Critically lauded on publication, Automating Equality won the 2019 Lillian Smith Book Award, the 2018 McGannon Center Book Prize, and was shortlisted for the Goddard Riverside Stephan Russo Book Prize for Social Justice.

Plot Summary

Eubanks uses the history of the poorhouse—a way to punish and contain the impoverished in the 19th and early 20th centuries—as a metaphor for modern automated data and technological systems. Eubanks argues that the digital entrapments of the modern welfare state are just a digital version of these rickety structures, making profit from poverty in a similar manner.

The first case study is the automated welfare eligibility system in Indiana. Eubanks connects its failures with overarching societal mechanisms that use discriminatory profiling on the impoverished.

The second case study is the coordinated entry housing system in Los Angeles, where an algorithm scores neediness, hiding results from recipients but not from the police officers who hunt them. Profiling turns into policing, eroding the illusion of impartial aid.

The final case study is the predictive risk model for child abuse from Allegheny County, Pennsylvania. Based on a flawed premise and misrepresentation of variables, this system indirectly punished the poor for accessing public services.
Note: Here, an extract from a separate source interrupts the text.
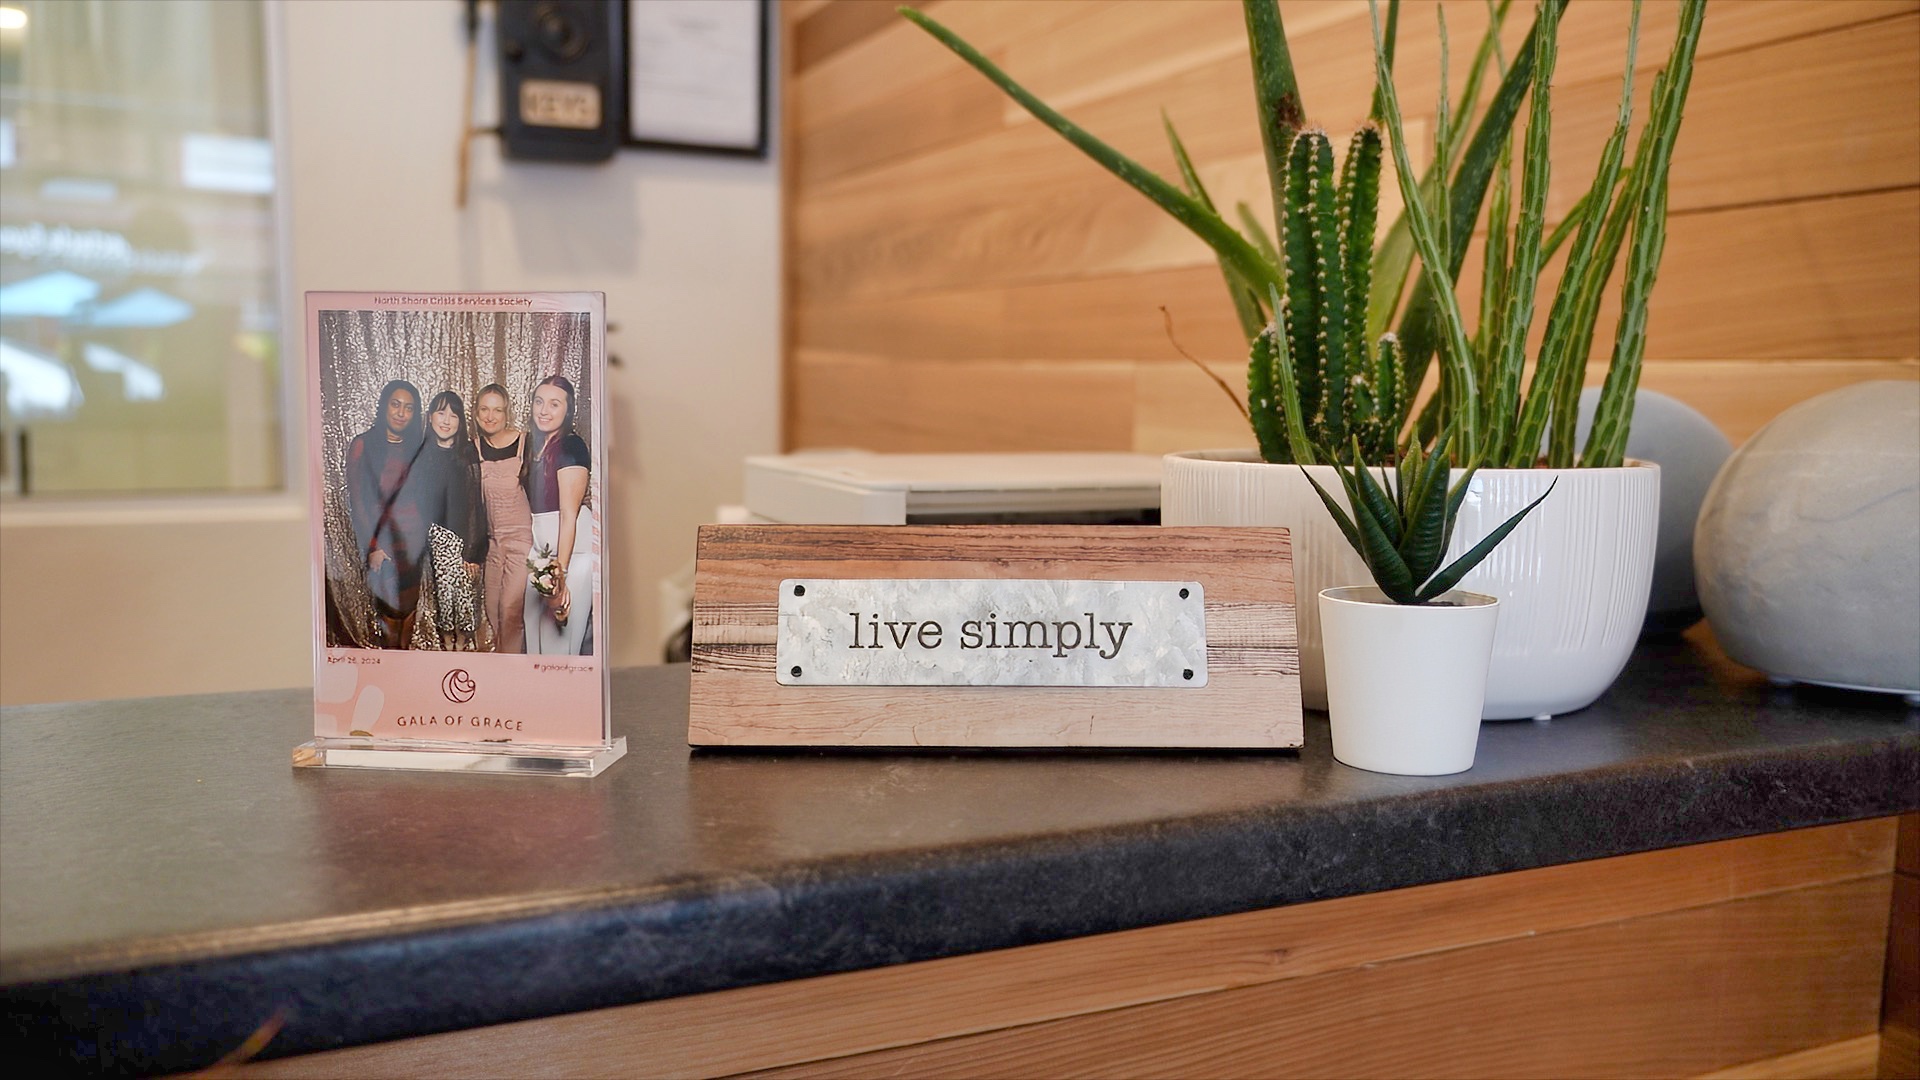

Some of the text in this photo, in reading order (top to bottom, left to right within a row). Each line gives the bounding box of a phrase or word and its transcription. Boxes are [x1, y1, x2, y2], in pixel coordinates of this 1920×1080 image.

Notably, all three case studies include vast evidence of racial profiling, segregation, and discrimination within the hearts of supposedly impartial algorithms, indicating an exponentially bloated problem: administrative leadership’s refusal to correct course and redistribute resources as the welfare gap expands in American society. Not only do automated technologies perform inadequately, but by profiling so extensively, they additionally police and punish the poor just by nature of their social conditions.

Eubanks acknowledges the potential for technology to aid in labor movements, but stresses that the biggest influence (aside from a Universal Basic Income) is to tell better stories with our datasets.